*** Opening of Source material ***

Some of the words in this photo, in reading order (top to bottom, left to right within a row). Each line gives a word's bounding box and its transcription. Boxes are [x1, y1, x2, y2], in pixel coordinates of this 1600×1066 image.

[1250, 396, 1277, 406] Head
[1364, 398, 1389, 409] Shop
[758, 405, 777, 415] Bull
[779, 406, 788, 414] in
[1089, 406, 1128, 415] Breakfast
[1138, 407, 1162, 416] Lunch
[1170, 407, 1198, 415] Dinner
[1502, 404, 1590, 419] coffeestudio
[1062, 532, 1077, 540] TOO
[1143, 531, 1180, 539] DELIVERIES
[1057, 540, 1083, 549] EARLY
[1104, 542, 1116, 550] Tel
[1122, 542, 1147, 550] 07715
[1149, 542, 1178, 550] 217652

*** Close of Source material ***

Set down the whole of the material again, exactly.

Some of the words in this photo, in reading order (top to bottom, left to right within a row). Each line gives a word's bounding box and its transcription. Boxes are [x1, y1, x2, y2], in pixel coordinates of this 1600×1066 image.

[1250, 396, 1277, 406] Head
[1364, 398, 1389, 409] Shop
[758, 405, 777, 415] Bull
[779, 406, 788, 414] in
[1089, 406, 1128, 415] Breakfast
[1138, 407, 1162, 416] Lunch
[1170, 407, 1198, 415] Dinner
[1502, 404, 1590, 419] coffeestudio
[1062, 532, 1077, 540] TOO
[1143, 531, 1180, 539] DELIVERIES
[1057, 540, 1083, 549] EARLY
[1104, 542, 1116, 550] Tel
[1122, 542, 1147, 550] 07715
[1149, 542, 1178, 550] 217652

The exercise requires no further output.